Print the entries exactly; no image belongs in the copy.
STUDY MATERIAL START
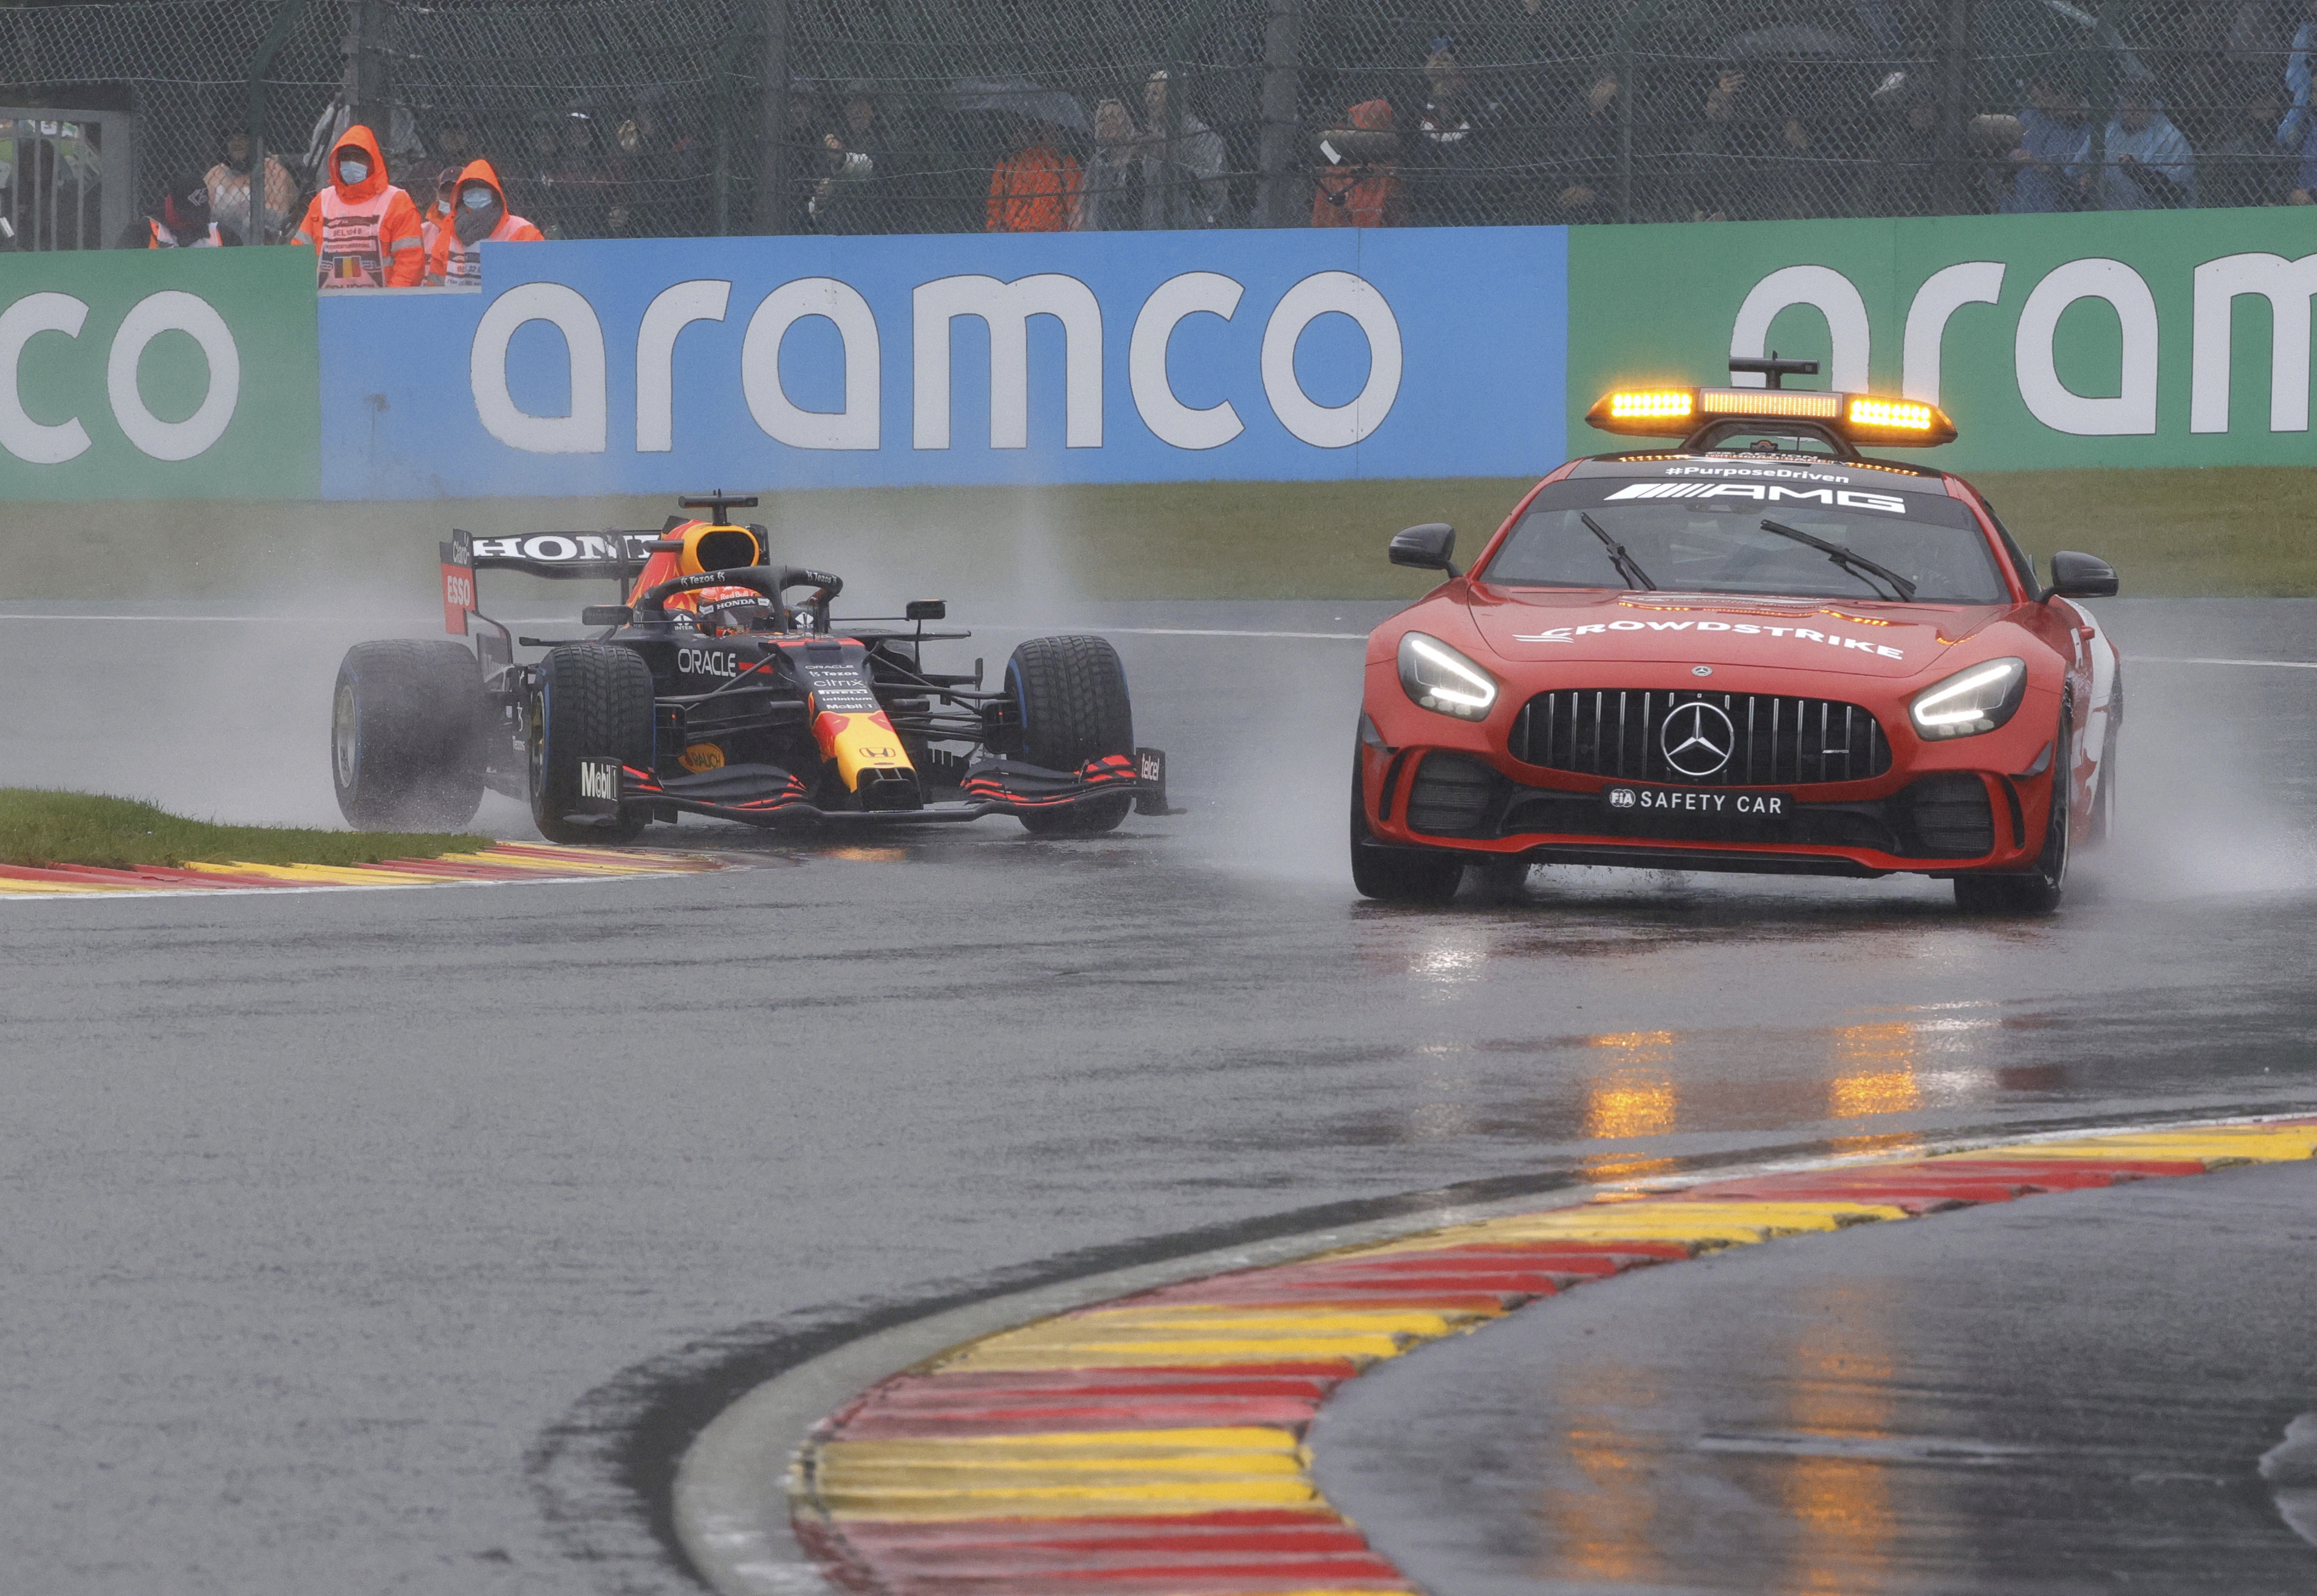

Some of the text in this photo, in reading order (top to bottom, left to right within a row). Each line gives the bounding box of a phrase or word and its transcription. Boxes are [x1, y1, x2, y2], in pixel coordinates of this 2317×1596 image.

[470, 270, 1403, 453] aramco
[1665, 466, 1849, 484] #PurposeDriven
[1701, 484, 1906, 513] AMG
[690, 575, 714, 584] Tezos
[813, 572, 832, 583] Tezos
[717, 598, 756, 610] HONDA
[720, 591, 734, 600] Red
[1541, 620, 1904, 660] CROWDSTRIKE
[678, 648, 736, 677] ORACLE
[813, 679, 864, 687] citrix
[581, 762, 611, 800] Mobil
[1640, 791, 1726, 811] SAFETY
[1737, 796, 1782, 814] CAR
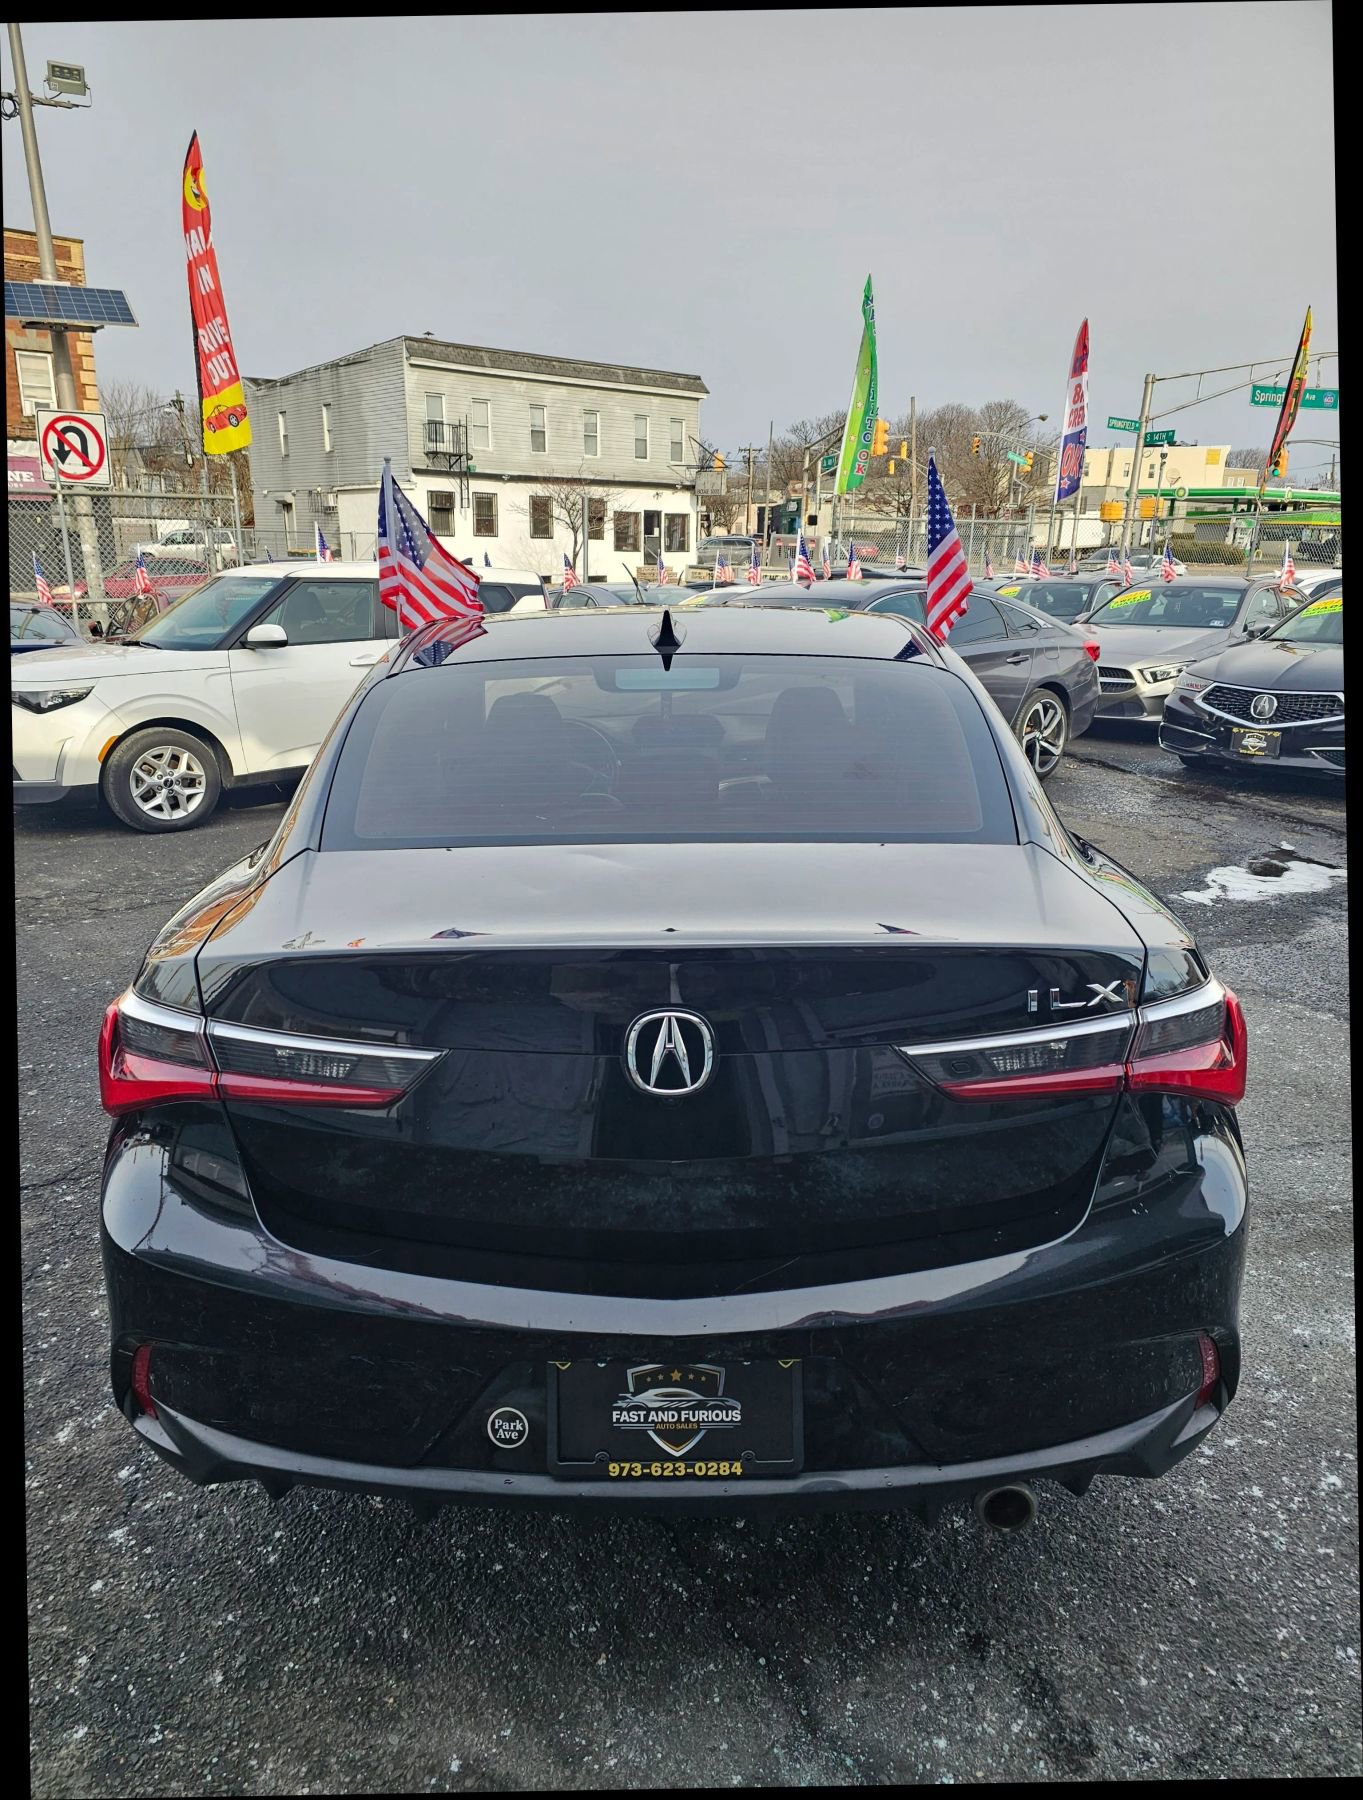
STUDY MATERIAL END
▸ **RESPONSE BELOW**:
Some of the text in this photo, in reading order (top to bottom, left to right within a row). Each line gives the bounding box of a phrase or word and its transcription. Boxes are [x1, y1, x2, y2], in pixel coordinates of this 2317×1596 image.

[470, 270, 1403, 453] aramco
[1665, 466, 1849, 484] #PurposeDriven
[1701, 484, 1906, 513] AMG
[690, 575, 714, 584] Tezos
[813, 572, 832, 583] Tezos
[717, 598, 756, 610] HONDA
[720, 591, 734, 600] Red
[1541, 620, 1904, 660] CROWDSTRIKE
[678, 648, 736, 677] ORACLE
[813, 679, 864, 687] citrix
[581, 762, 611, 800] Mobil
[1640, 791, 1726, 811] SAFETY
[1737, 796, 1782, 814] CAR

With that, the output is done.